My circumstances are similar to Jennifer H. I am semi retired, active CDer for a couple of years, but a keen interest for many years but did not progress it as it seemed 'wrong'. I am very busy at home and with outside interests, but my CDing is getting more pressing. I am DADT at present but hope to expand my dressing in the months ahead. I don't see CDing replacing something else that is missing. Its just very pleasant and so nice to wear confining and soft clothes.

Vikky

Dana44
07-11-2015, 02:32 PM
Lacy, ah, I'm older and my libido is strong. I do not think it is something else we are missing.
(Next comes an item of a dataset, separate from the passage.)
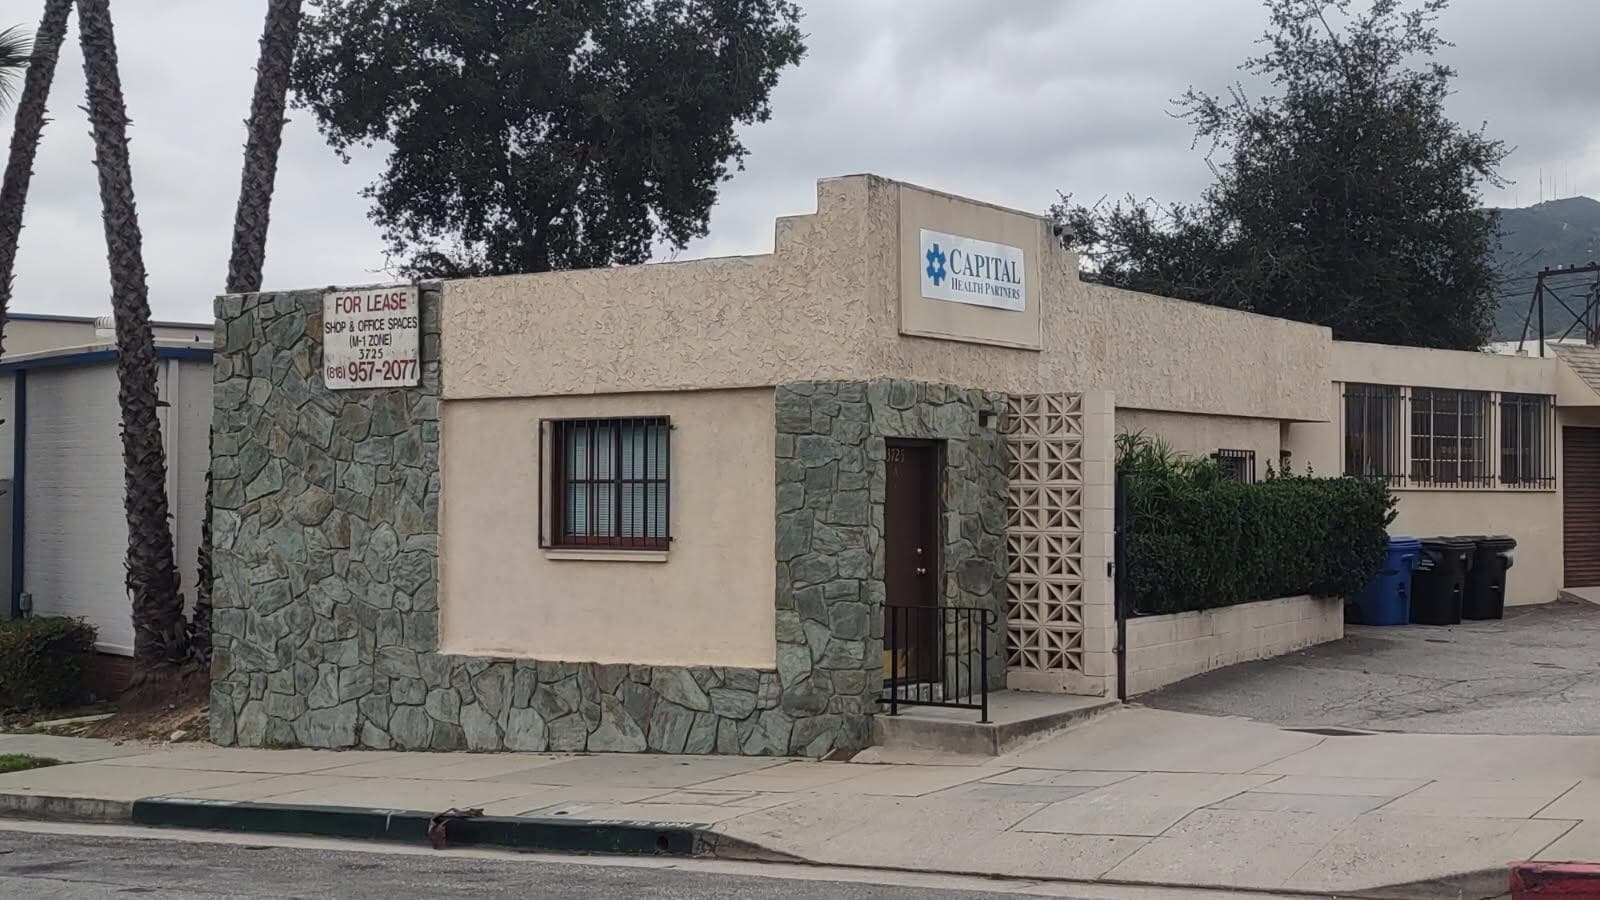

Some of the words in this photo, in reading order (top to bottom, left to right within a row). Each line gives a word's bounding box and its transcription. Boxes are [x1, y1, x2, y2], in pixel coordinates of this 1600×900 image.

It seems to take a lot of effort to be girly. So, making one male side fem takes work, and if you go out it takes a couple hours to get the makeup right, etc. I do know it keeps me from doing work that needs to get done sometimes, and yes the time is better for this as we get older. But it is not an empty spot.

Wandacdmn
07-16-2015, 07:31 PM
This is a very interesting question that I think we should ask ourselves. One big reason I dress is that I have a feminine body. I have tried to be masculine all my life and have resented my thin feminine frame. When I discovered dressing and that this brought out my good features - I became excited and I kept wanting to do it more and more.